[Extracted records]
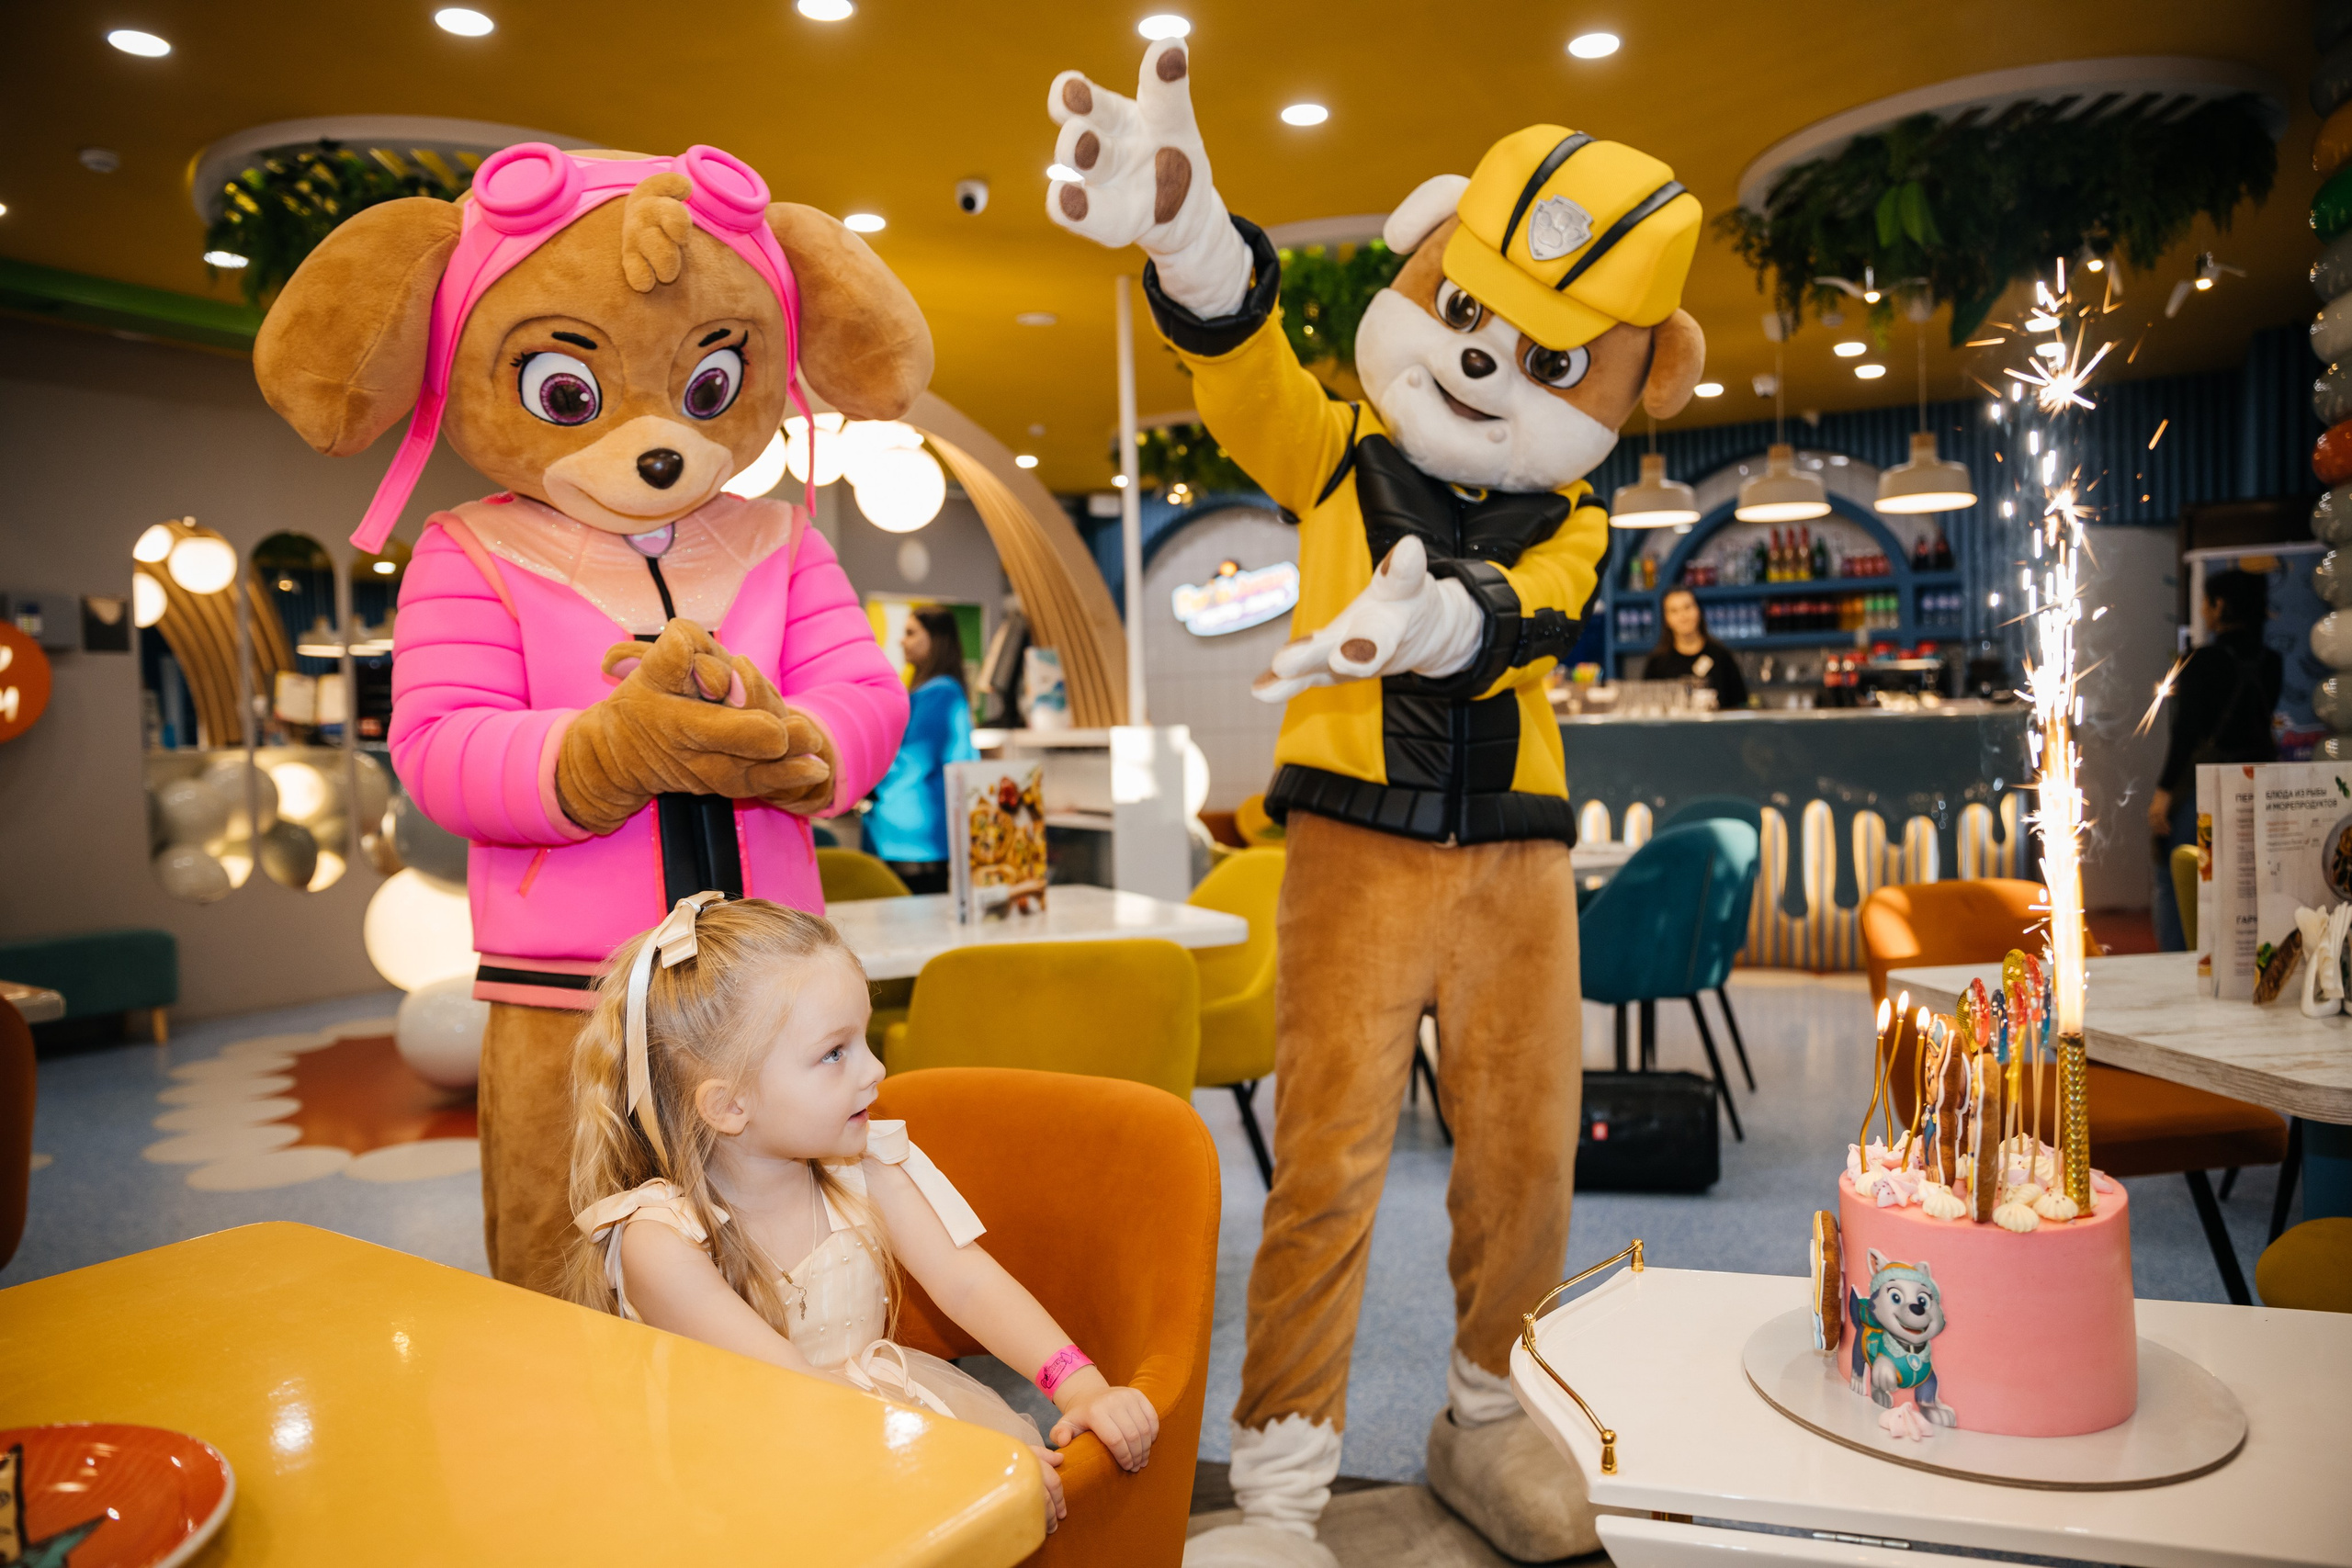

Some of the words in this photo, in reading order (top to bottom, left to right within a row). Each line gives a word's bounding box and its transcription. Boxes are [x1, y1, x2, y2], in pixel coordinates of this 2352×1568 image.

[2266, 789, 2293, 800] БЛЮДА
[2295, 789, 2305, 798] ИЗ
[2306, 787, 2327, 797] РЫБЫ
[2266, 803, 2272, 812] И
[2273, 798, 2337, 811] МОРЕПРОДУКТОВ
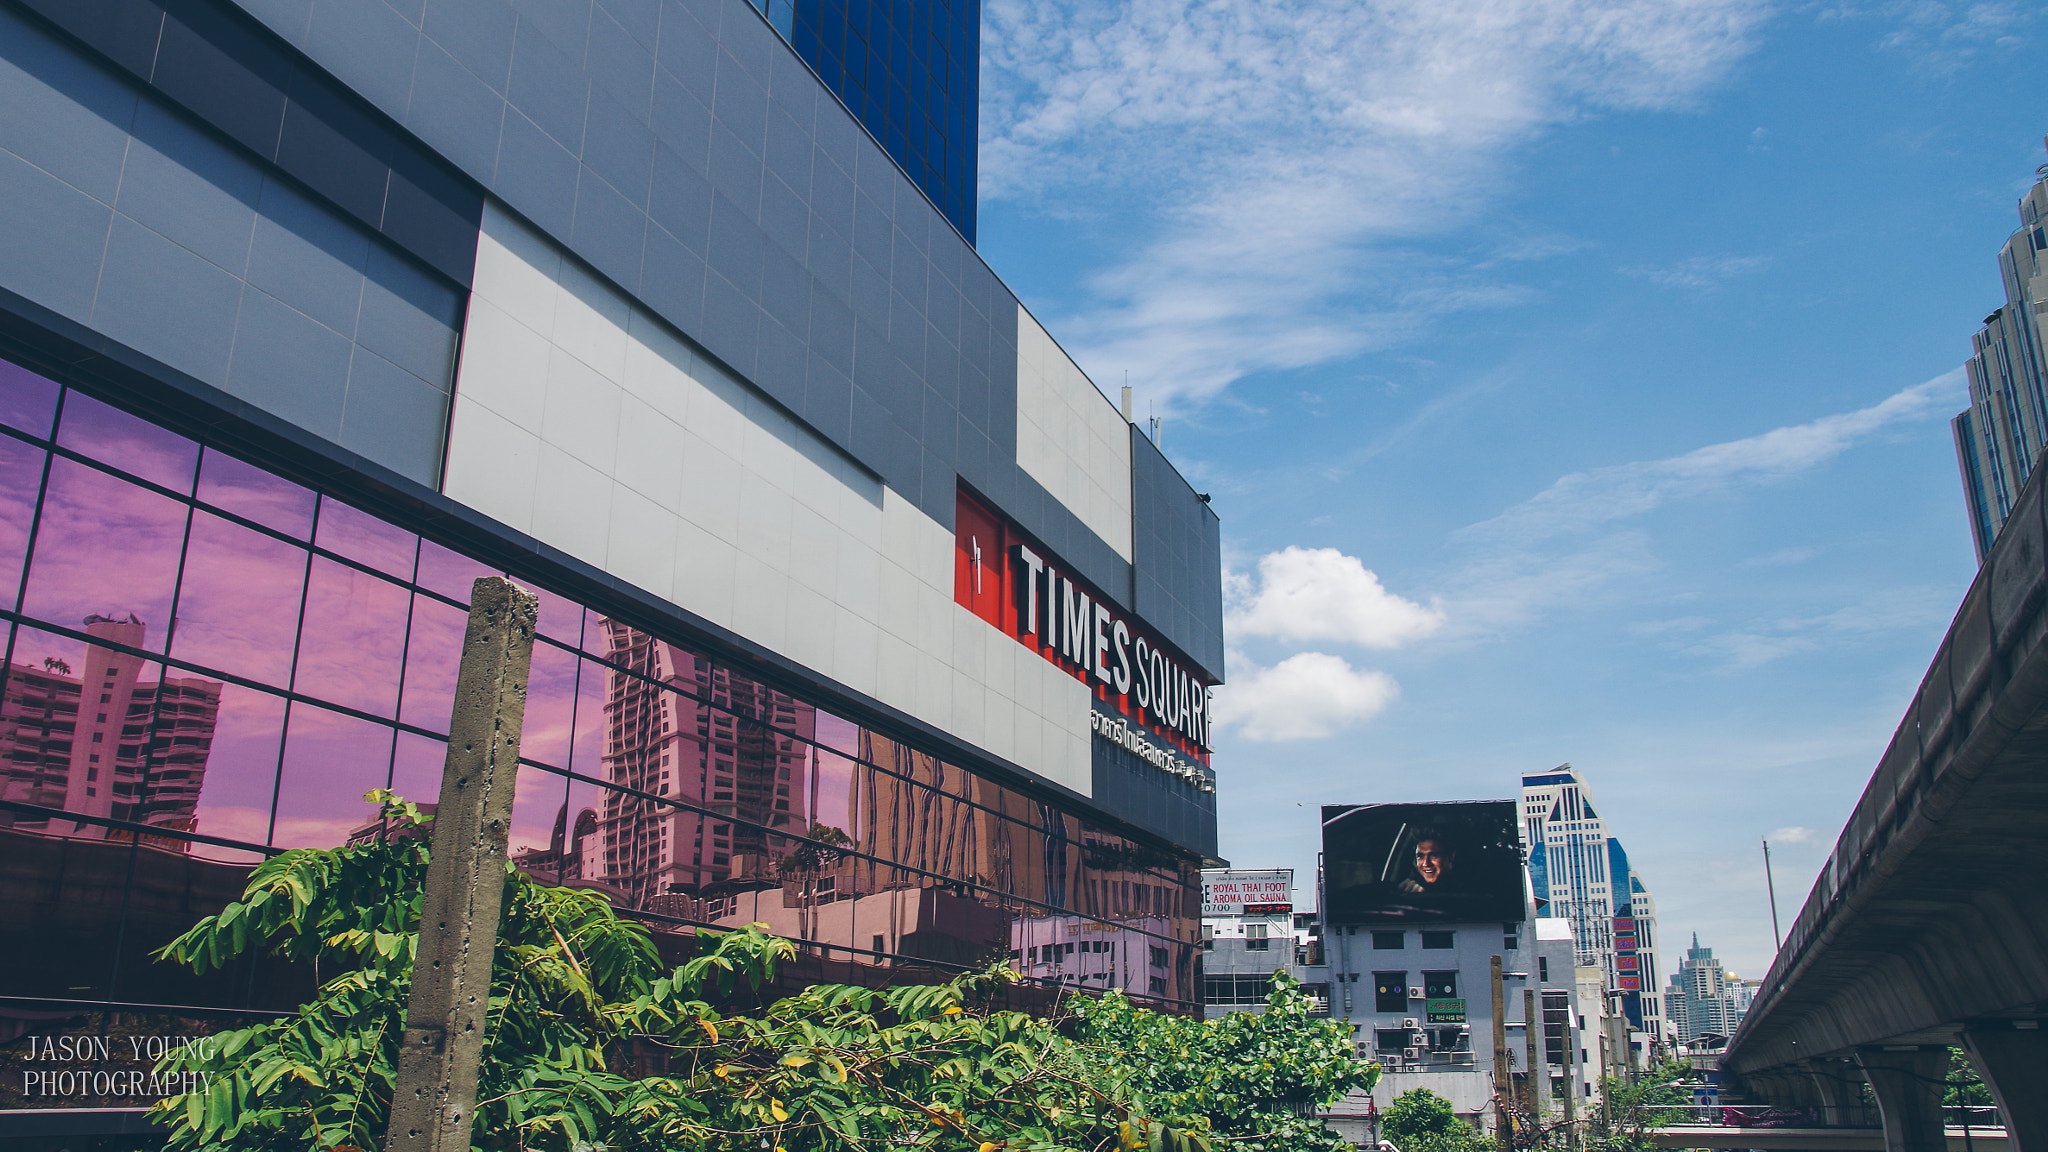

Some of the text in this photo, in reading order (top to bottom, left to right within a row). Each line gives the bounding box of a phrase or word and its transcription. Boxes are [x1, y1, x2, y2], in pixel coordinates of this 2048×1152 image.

[1021, 544, 1215, 753] TIMES SQUARE
[1213, 882, 1287, 893] ROYAL THAI FOOT
[1213, 894, 1287, 903] AROMA OIL SAUNA

**ABOUT THIS TASK:** Lines from the one containing "Some of the text" through the end of the entries above must be copied exactly; include both ends and no other lines.

**WRITTEN SOLUTION:**
Some of the text in this photo, in reading order (top to bottom, left to right within a row). Each line gives the bounding box of a phrase or word and its transcription. Boxes are [x1, y1, x2, y2], in pixel coordinates of this 2048×1152 image.

[1021, 544, 1215, 753] TIMES SQUARE
[1213, 882, 1287, 893] ROYAL THAI FOOT
[1213, 894, 1287, 903] AROMA OIL SAUNA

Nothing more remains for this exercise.